Retirement savings gap
Learn more about the upcoming changes to the Canada Pension Plan (CPP) and how you benefit.
Overview of the Canada Pension Plan
The CPP is a mandatory program that provides pensions and benefits when people retire, become disabled or die. It covers almost all working Canadians over the age of 18, including people who are self-employed.
The CPP is funded by contributions from employers and employees, as well as investment earnings generated by the Canada Pension Plan Investment Board.
Background
Working collaboratively with the federal government and other provinces and territories, Ontario advocated for a national solution to improve the retirement security for working Canadians.
On June 20, 2016, the government of Ontario, along with eight other provinces and the federal government, reached a historic agreement-in-principle to enhance the CPP. The legislation to implement the enhancement came into force in March 2017.
Details of the enhanced CPP
The enhanced CPP will provide retirement income security for workers in Ontario and across Canada by:
- replacing 33% of your pre-retirement income, up from 25%
- raising the level of earnings on which you pay CPP contributions and gain CPP benefits by 14% when it’s fully implemented in 2025
- phasing in contribution increases gradually over seven years, beginning January 1, 2019
- making employees’ contributions to the enhanced CPP tax-deductible, which will reduce income taxes for many middle-income workers
What the CPP enhancement means for you
The enhanced CPP:
- will provide secure and predictable retirement income to almost all working Canadians
- will provide retirement benefits that are indexed to inflation, which protects your purchasing power in retirement
- is low risk because almost all Canadians pay into it and it’s protected against employer bankruptcy or insolvency
- is portable, meaning most workers can contribute to it, and benefits can be accessed anywhere in Canada
- is low cost compared to most other retirement savings plans or programs
Case study: payouts under the enhanced CPP
With the enhanced CPP, over a 40-year career:
- $40,000
- + $1
- + $3,245
Table: CPP enhancement payout by salary
Salary individual earns every year while working (in 2018 dollars) | $20,000 | $50,000 | $80,000 |
---|---|---|---|
Current CPP benefit | $4,869 | $12,174 | $13,610 |
Enhanced CPP benefit | $1,622 | $4,056 | $7,075 |
Current CPP + enhanced CPP benefits | $6,492 | $16,230 | $20,685 |
Impact on your taxes
What will change:
- you’ll get a tax deduction – rather than a tax credit – for your contributions to the enhanced CPP, reducing income taxes for many middle-income workers
What will stay the same:
- a tax credit for your contributions to the current CPP
- how much you can contribute to your RRSP
CPP contributions by people who are self-employed.

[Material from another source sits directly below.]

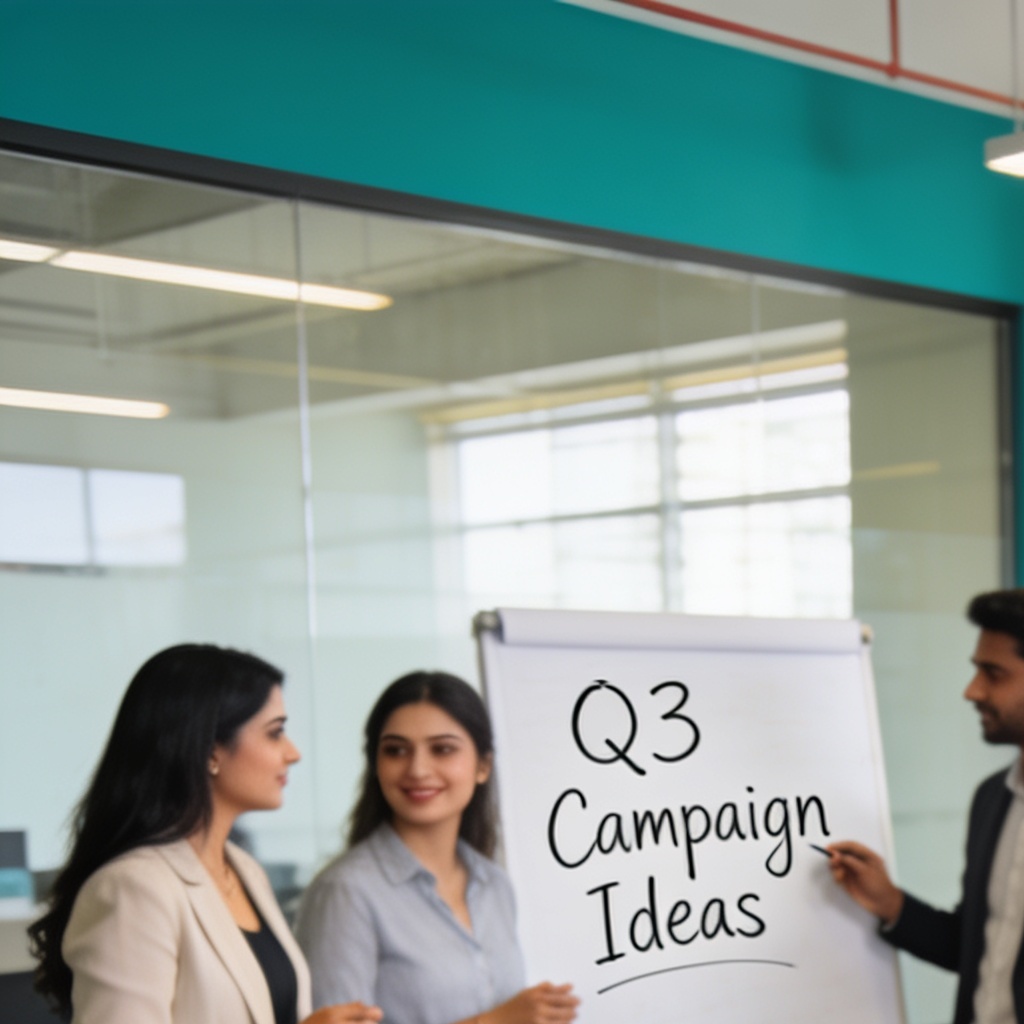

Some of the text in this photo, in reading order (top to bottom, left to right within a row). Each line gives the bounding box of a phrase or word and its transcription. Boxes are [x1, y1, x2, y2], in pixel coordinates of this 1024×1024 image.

[571, 679, 701, 776] Q3
[547, 786, 831, 880] Campaign
[587, 876, 766, 965] Ideas

Canada Revenue Agency’s rules for CPP deductions.
Impact on low-income workers
To offset higher CPP contributions by low-income workers, the Working Income Tax Benefit (WITB) -- a federal refundable tax credit that benefits low-income workers -- will increase by $250 million. This means that low-income workers will be able to benefit from the enhanced CPP while getting help with the cost of making contributions to it.
In its 2018 budget, the federal government announced the Canada Workers Benefit. The Canada Workers Benefit would build on the foundation of the WITB and be further enriched to help low-income workers.